• [Phrase grounding data]:

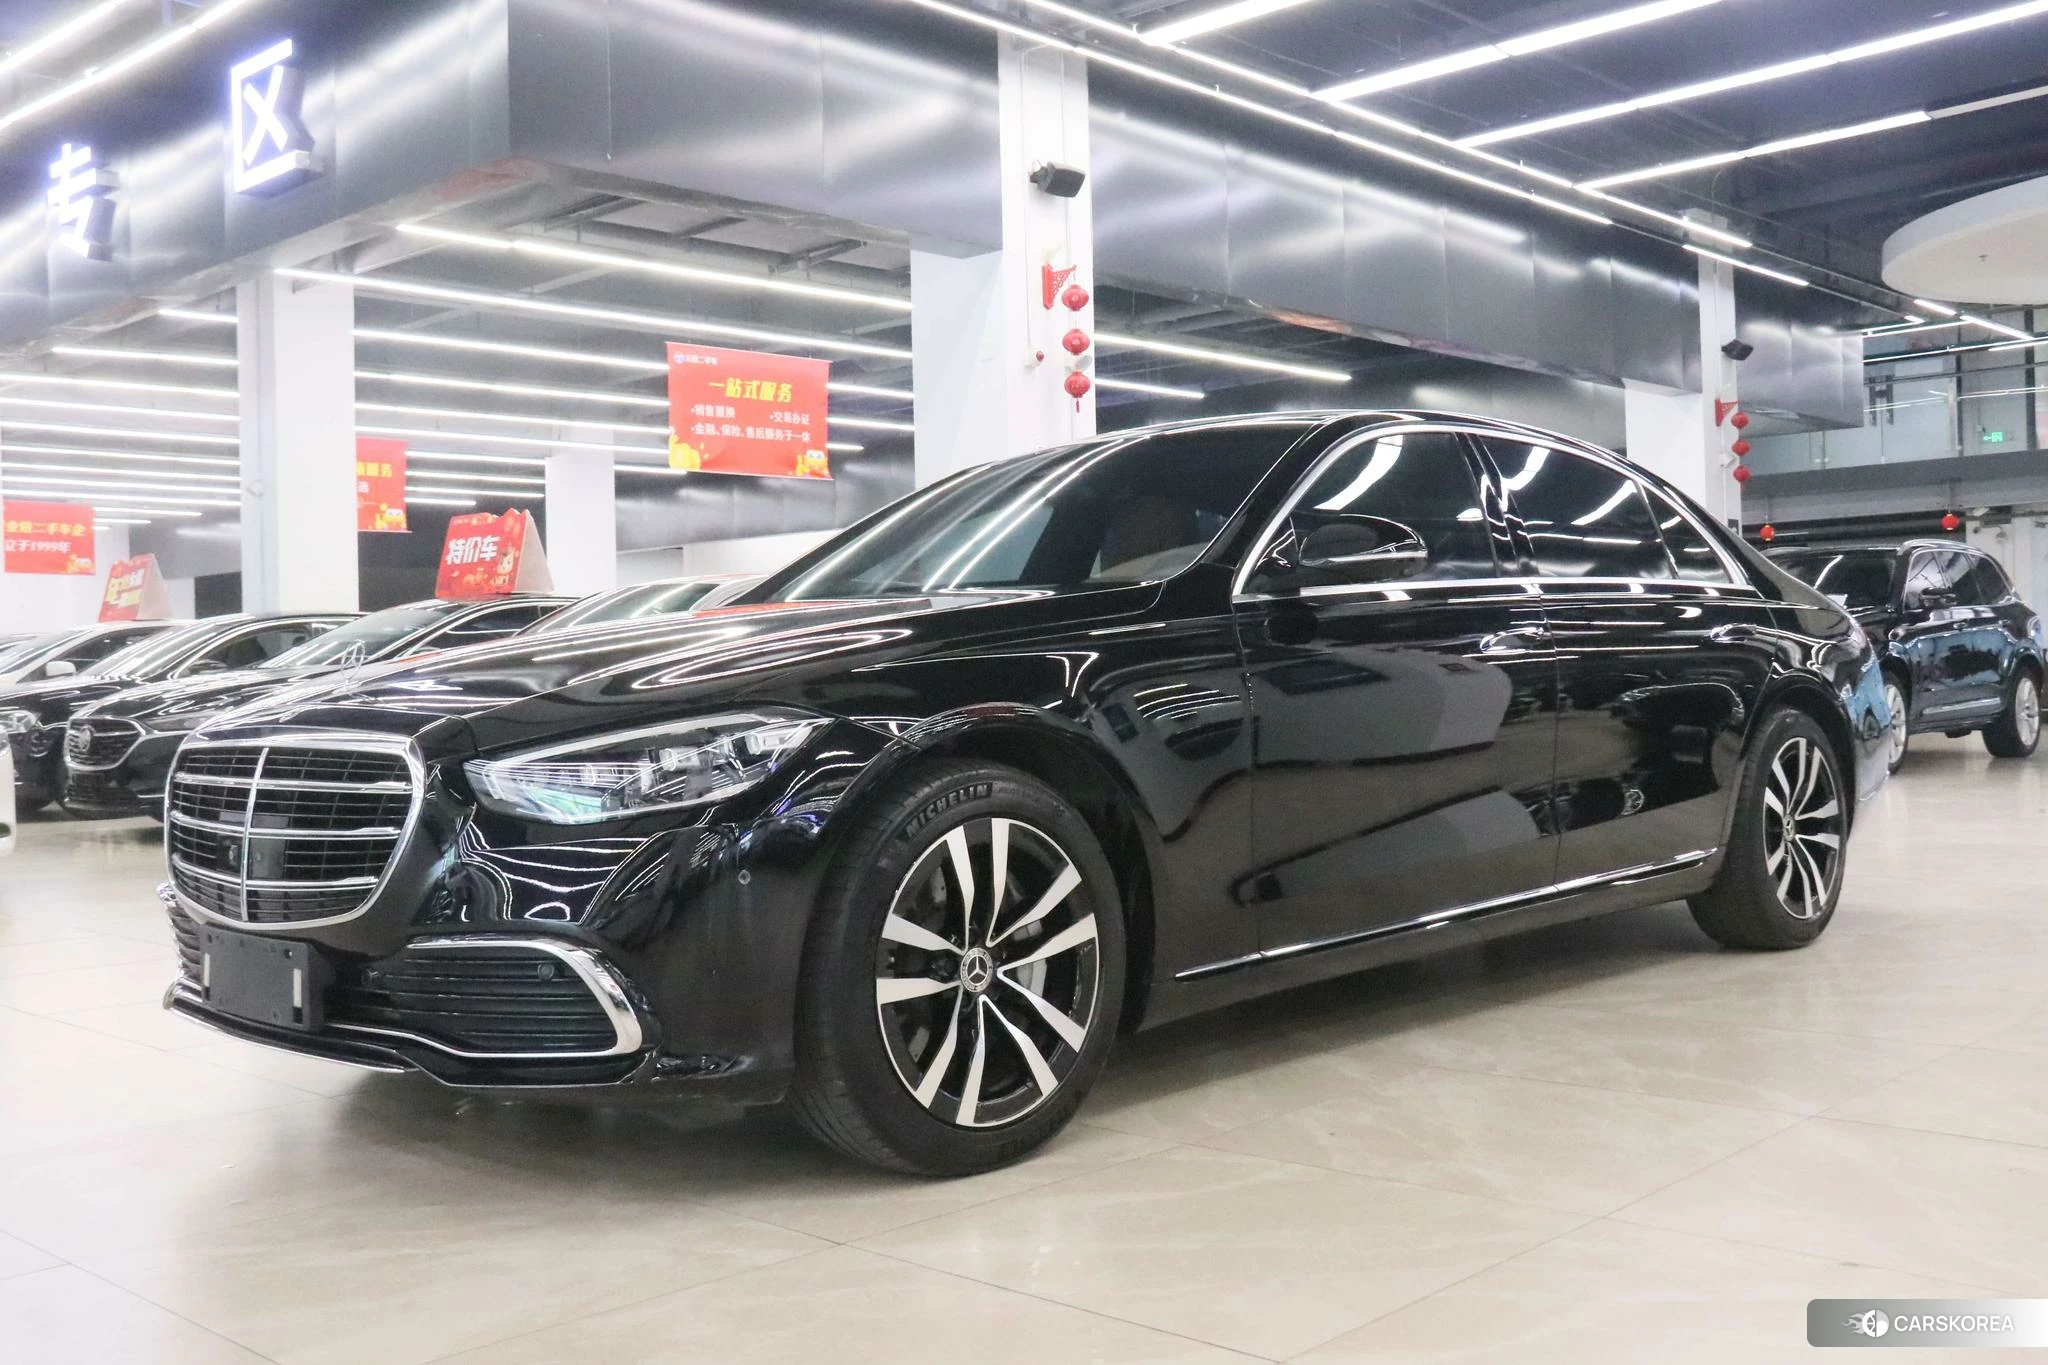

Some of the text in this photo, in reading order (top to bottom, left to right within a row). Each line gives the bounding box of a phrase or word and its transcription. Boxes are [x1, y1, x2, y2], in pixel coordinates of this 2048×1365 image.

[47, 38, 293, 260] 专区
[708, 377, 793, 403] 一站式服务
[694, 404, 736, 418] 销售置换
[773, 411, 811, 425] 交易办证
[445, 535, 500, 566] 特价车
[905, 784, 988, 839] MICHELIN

• [ABOUT THIS TASK]:
Without the pictures, reproduce every entry exactly as written.

• [COMPLETED TASK]:
Some of the text in this photo, in reading order (top to bottom, left to right within a row). Each line gives the bounding box of a phrase or word and its transcription. Boxes are [x1, y1, x2, y2], in pixel coordinates of this 2048×1365 image.

[47, 38, 293, 260] 专区
[708, 377, 793, 403] 一站式服务
[694, 404, 736, 418] 销售置换
[773, 411, 811, 425] 交易办证
[445, 535, 500, 566] 特价车
[905, 784, 988, 839] MICHELIN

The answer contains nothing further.